In 2019, his father heard about Mercy Ships from a friend and encouraged Cire to go for an appointment when the charity was in the area looking for patients for an upcoming programme of free surgeries in the country. Cire was deemed eligible but COVID-19 meant he waited for another two years before he could get to the port and board the Africa Mercy.
He received successful surgery on the morning of his 20th birthday in April last year. The operation took more than two hours and was completed by the hospital ship’s chief surgeon from the United States, Dr Gary Parker, a maxillofacial surgeon. With his health restored, Cire resumed his studies and hopes to become a teacher.

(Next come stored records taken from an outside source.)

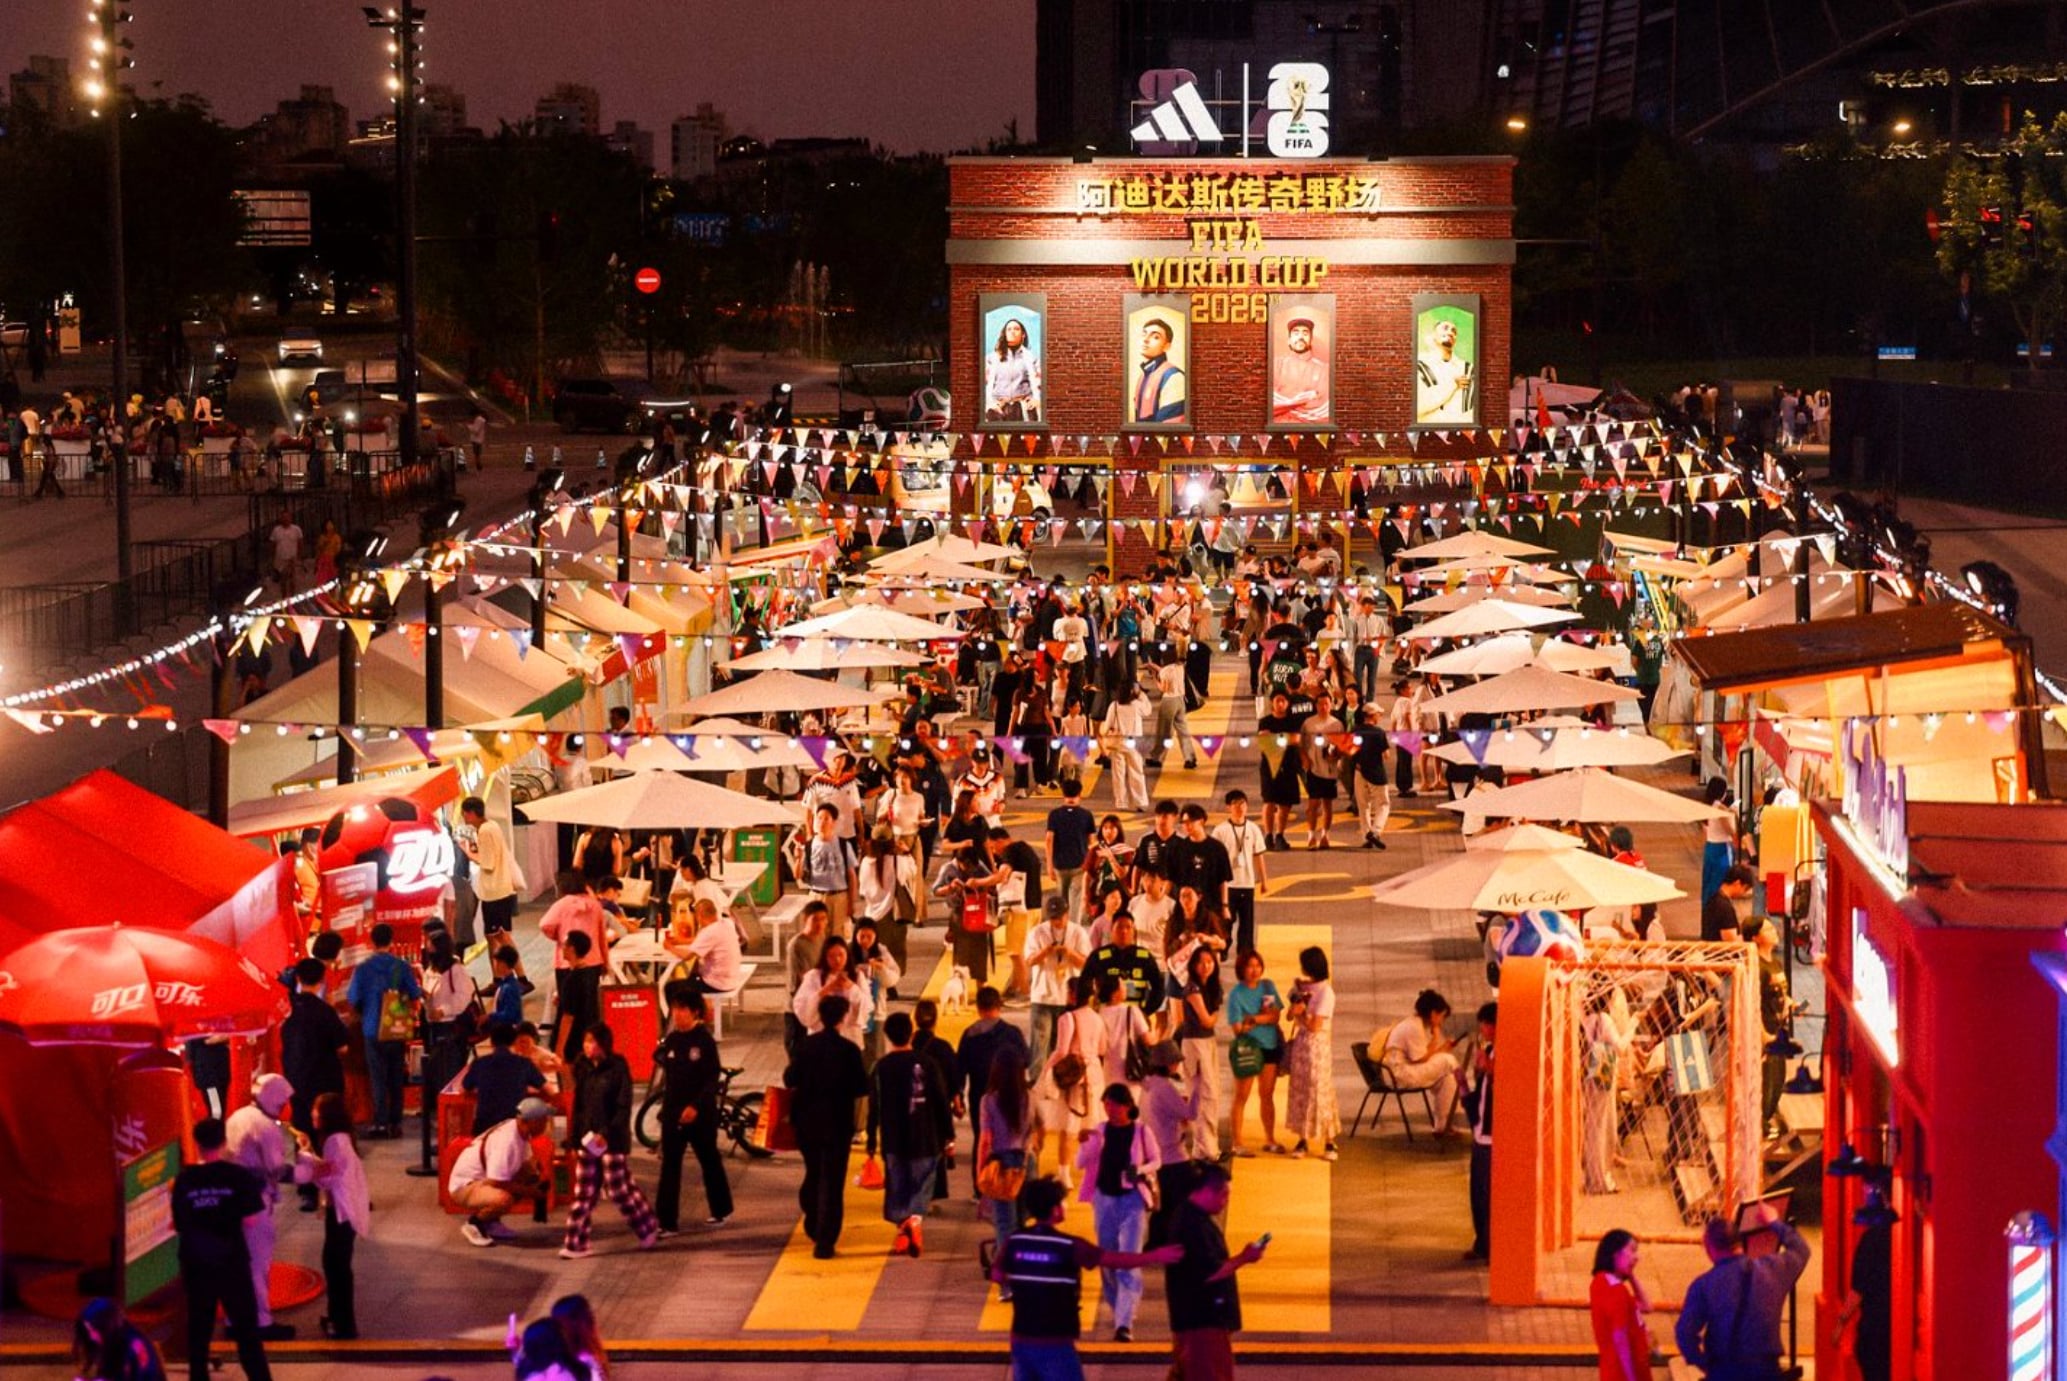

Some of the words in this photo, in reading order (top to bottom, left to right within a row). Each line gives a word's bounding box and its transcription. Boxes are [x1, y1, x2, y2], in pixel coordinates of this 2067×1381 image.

[1285, 138, 1312, 149] FIFA
[1077, 177, 1383, 213] 阿迪达斯传奇野场
[1190, 221, 1266, 252] FIFA
[1132, 258, 1250, 288] WORLD
[1260, 258, 1328, 288] CUP
[91, 982, 148, 1019] 可口
[154, 981, 206, 1007] 可乐

Ulrich was born with dislocated knees and a condition known as quadriceps contracture. His muscles do not develop at the same rate as his bones, causing his legs to bend drastically backward.
His mother, Georgette, desperately tried to find Ulrich the surgery he needed to walk and function like the other boys his age. But the cost of the operation and the severity of his condition defeated her. ‘Surgeons wouldn’t touch him,’ Georgette said. ‘It was hard to see him hurting. When he hurts, I hurt.’
Ulrich’s life was transformed when he received free surgery onboard the Africa Mercy in 2019. The severity of his condition required several complicated operations, but finally Ulrich woke up with two straight legs in casts.
He couldn’t believe they were actually his legs. When he stood, he reached up to see if he could touch the ceiling. And when he finally walked again, the first thing he did was hug his mum. Now Ulrich is walking straight and tall, and he can fulfil his dream of getting a proper education.